Blaming modern porcelain for aloofness, for anaemia in its assignment, cannot be, because of such and such a work, a reason for any misunderstanding about contemporary porcelain because this ostracism should then also wrap up, for the same reasons, the old ones, and with them the cold whiteness of the lily, the fragile grace of the corollas.

Coldness, eh! Is it not the core reason of the snow to be white, of the glacier to be blue? And I would say, red and sumptuous splendour of your chimney flames, Mr Lauth, the ignition of your nasturtiums, of your pelargoniums, Mr Deck, are they polar shows?
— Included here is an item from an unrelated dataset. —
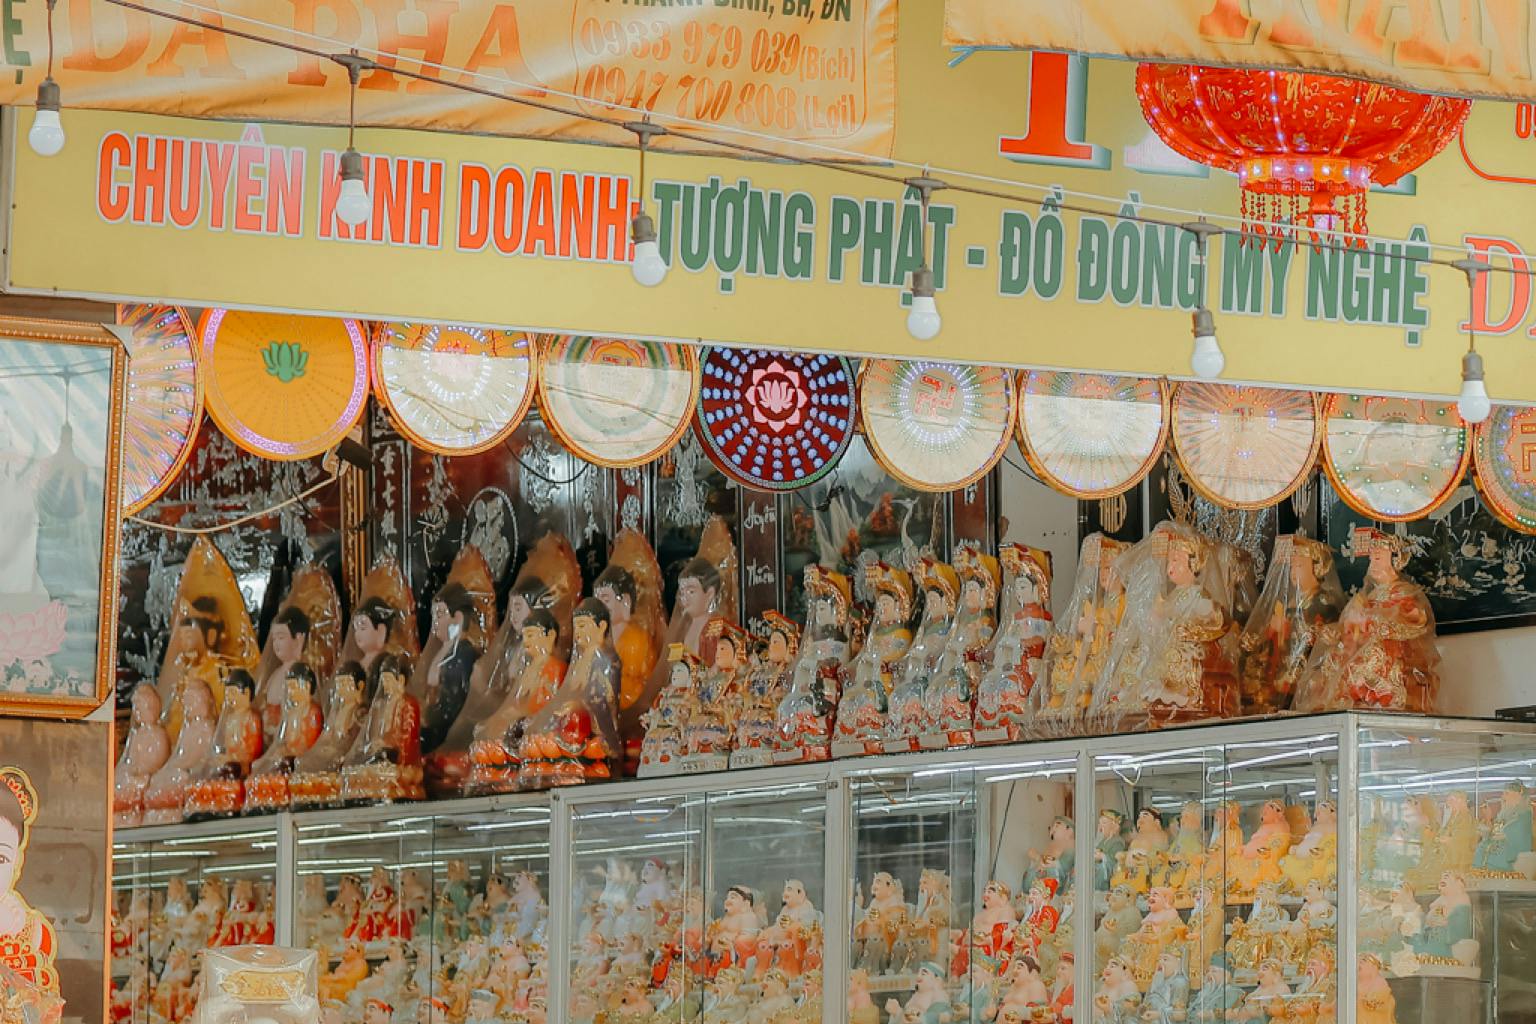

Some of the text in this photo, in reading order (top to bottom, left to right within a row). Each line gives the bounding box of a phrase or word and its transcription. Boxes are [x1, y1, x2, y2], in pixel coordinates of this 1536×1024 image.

“Porcelain, they say, lacks a mysterious facet.” There is, gentlemen, a kind of marine shell called porcelain, they so resemble yours. How mysterious is the glazing, without the aid of fire, this enamel so white, so pure, so hard! In fact, the translucent shells that you retrieve from your ovens do not differ to the eye nor to the touch, from the enigmatic porcelain of the sea. In short, here is the mystery!

And the reddening that arises from a thick cover, call for a reducing atmosphere, do they not offer the beloved depths, where the mystery is sleeping? Admittedly, nobody will blame me for being a materialist, but I admit that the soft beauty of white, old, fine china and the attractiveness of a modern paste seem to stand on their own. Their caresses are also suggestive. Because, the love of work, the love of nature, the love of one’s dreams is only varied modes of the infallible spell: love.
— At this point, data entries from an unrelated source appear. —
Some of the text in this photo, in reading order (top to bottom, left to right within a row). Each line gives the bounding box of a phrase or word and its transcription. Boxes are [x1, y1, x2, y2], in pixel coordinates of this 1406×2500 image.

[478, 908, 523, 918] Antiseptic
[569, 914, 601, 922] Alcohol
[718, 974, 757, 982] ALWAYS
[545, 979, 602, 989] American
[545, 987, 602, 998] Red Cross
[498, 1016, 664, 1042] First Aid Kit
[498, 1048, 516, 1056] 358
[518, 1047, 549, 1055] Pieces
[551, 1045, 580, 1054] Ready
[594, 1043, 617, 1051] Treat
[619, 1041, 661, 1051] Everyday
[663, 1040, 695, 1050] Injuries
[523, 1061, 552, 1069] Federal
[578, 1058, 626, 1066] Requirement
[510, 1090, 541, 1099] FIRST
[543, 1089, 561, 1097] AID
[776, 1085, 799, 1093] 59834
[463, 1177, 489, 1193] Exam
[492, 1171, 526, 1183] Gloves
Also, when I think about porcelain with such partialities of the decoration, I do think to myself. No, the decor of the porcelain is not a dry subject for the avid artist to add to the simple delight of the senses, nourishing the mind.

White nymphs, modern porcelains are ready today, under the skilful hands of the successors of Ebelmen and of Salvetat, to surrender to the caresses of a rejuvenated ideal. So many artists, so many of our contemporary poets, intellectual workers, are willing to move these daughters of your eves, so that they go in the world to conquer souls! […]


Dragonfly cup, 1887. Clear glass with partial black overlay and marquetry, height: 22 cm, diameter: 13.3 cm. Musée des Arts décoratifs, Paris.


Tall vase with grass decoration, 1884–1889. Glass, gilt, cylindrical swirled vase with a crimped rim, height: 44.5 cm. Chrysler Museum of Art, Norfolk (Virginia).